- _What this task involves_
Please write out all of the data below exactly, without including the pictures.

[Dataset excerpts]
►

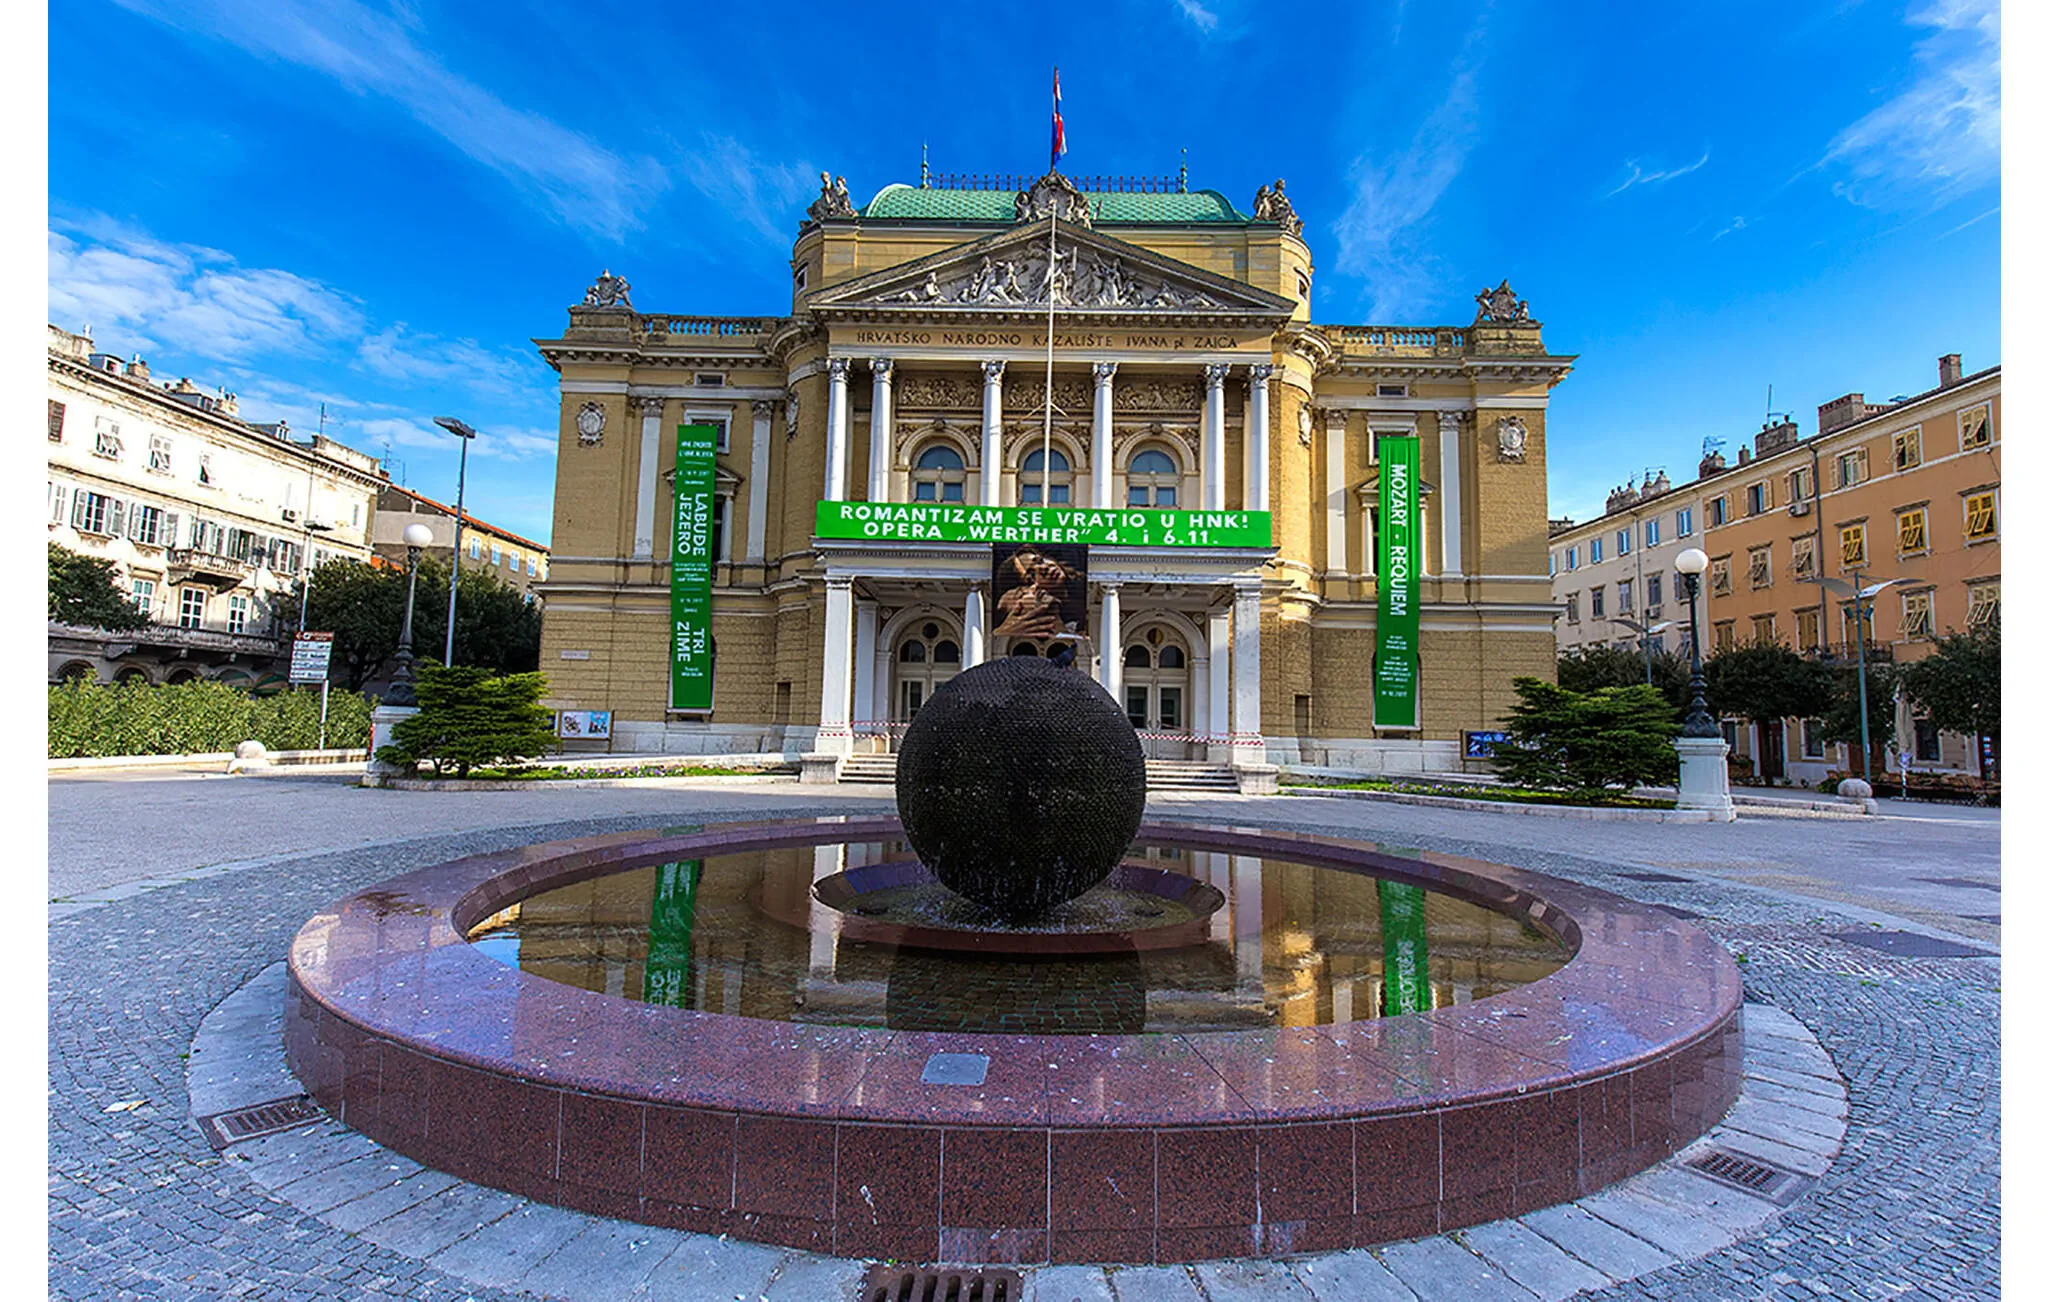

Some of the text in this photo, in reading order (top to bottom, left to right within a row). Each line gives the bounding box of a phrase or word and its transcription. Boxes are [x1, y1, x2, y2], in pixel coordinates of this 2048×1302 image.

[857, 332, 931, 344] HRVATSKO
[943, 333, 1022, 345] NARODNO
[1126, 335, 1168, 347] IVANA
[1390, 464, 1408, 527] MOZART
[677, 492, 692, 555] JEZERO
[692, 493, 708, 556] LABUDE
[840, 505, 1249, 529] ROMANTIZAM SE VRATIO U HNK!
[864, 522, 943, 539] OPERA
[1105, 530, 1127, 543] 4.
[1143, 530, 1149, 543] i
[1164, 530, 1219, 544] 6.11.
[1390, 545, 1408, 616] REQUIEM
[676, 621, 691, 662] ZIME
[692, 627, 705, 654] TRI
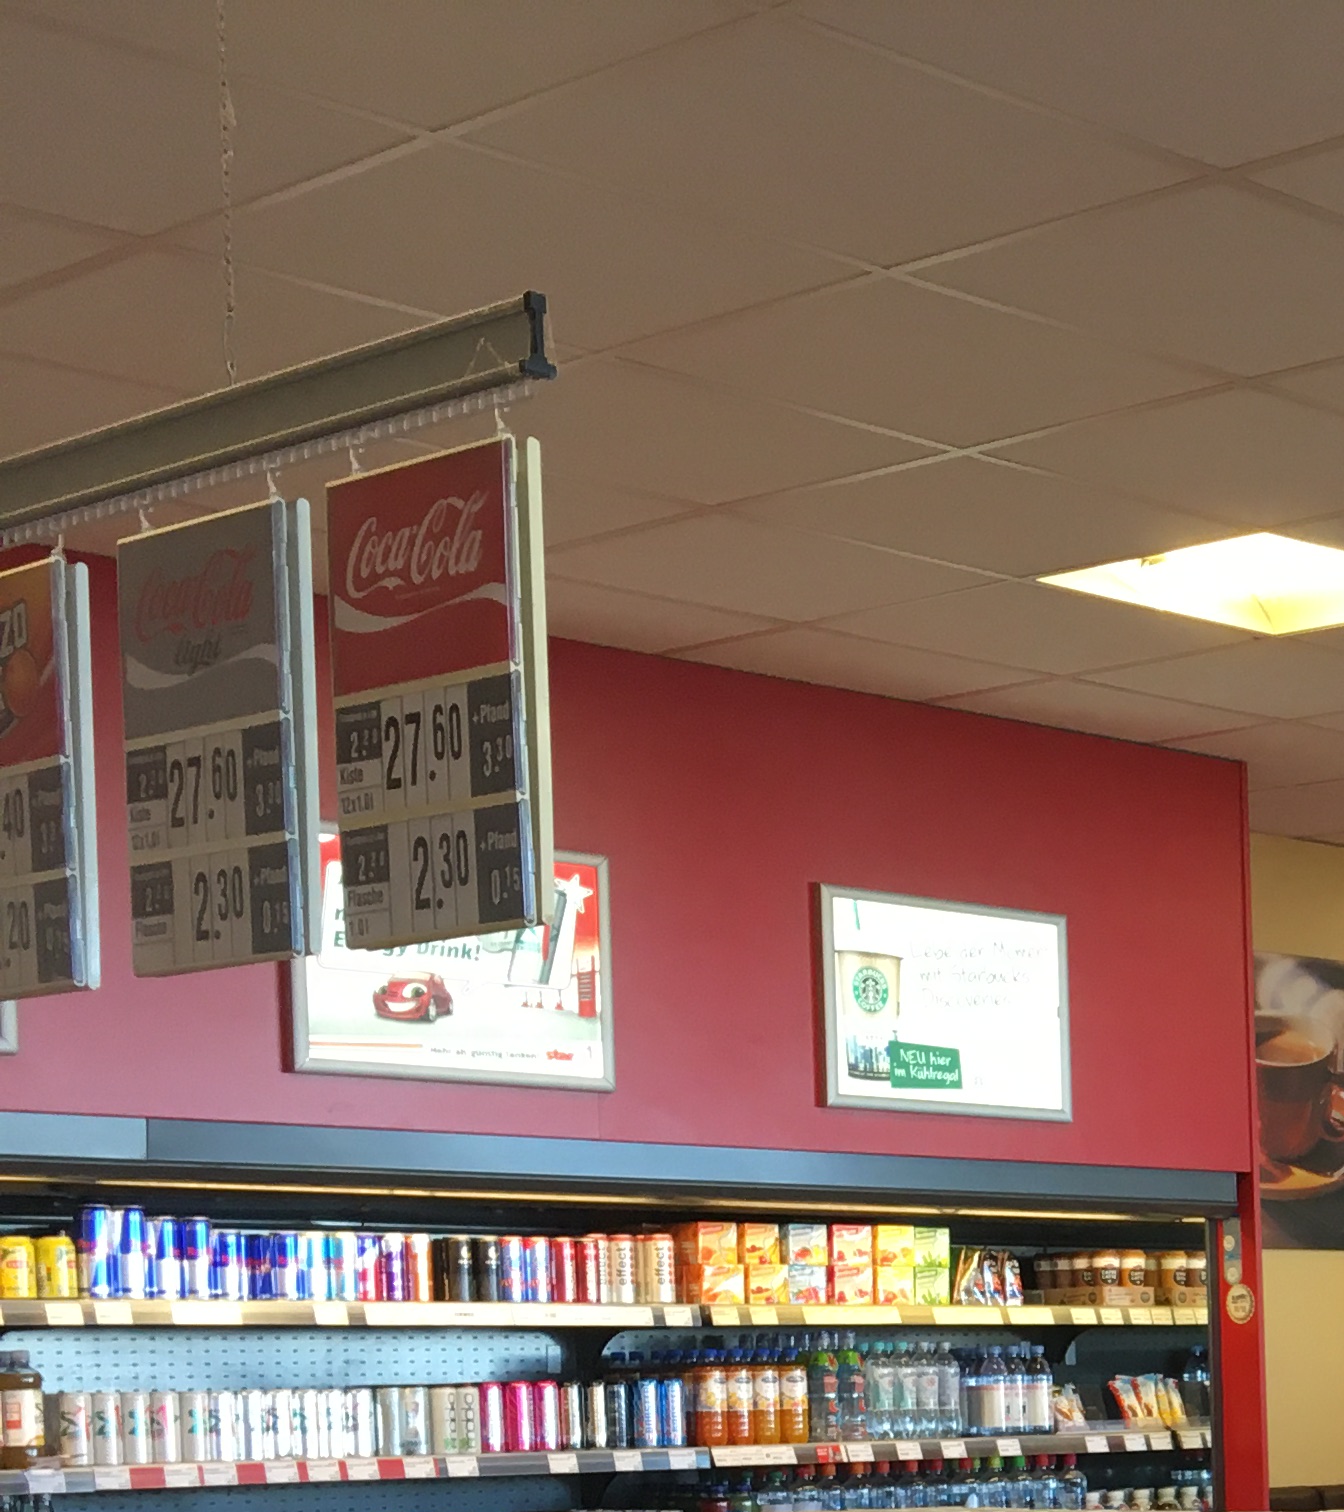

◄

- _Expected answer_
Some of the text in this photo, in reading order (top to bottom, left to right within a row). Each line gives the bounding box of a phrase or word and its transcription. Boxes are [x1, y1, x2, y2], in pixel coordinates of this 2048×1302 image.

[857, 332, 931, 344] HRVATSKO
[943, 333, 1022, 345] NARODNO
[1126, 335, 1168, 347] IVANA
[1390, 464, 1408, 527] MOZART
[677, 492, 692, 555] JEZERO
[692, 493, 708, 556] LABUDE
[840, 505, 1249, 529] ROMANTIZAM SE VRATIO U HNK!
[864, 522, 943, 539] OPERA
[1105, 530, 1127, 543] 4.
[1143, 530, 1149, 543] i
[1164, 530, 1219, 544] 6.11.
[1390, 545, 1408, 616] REQUIEM
[676, 621, 691, 662] ZIME
[692, 627, 705, 654] TRI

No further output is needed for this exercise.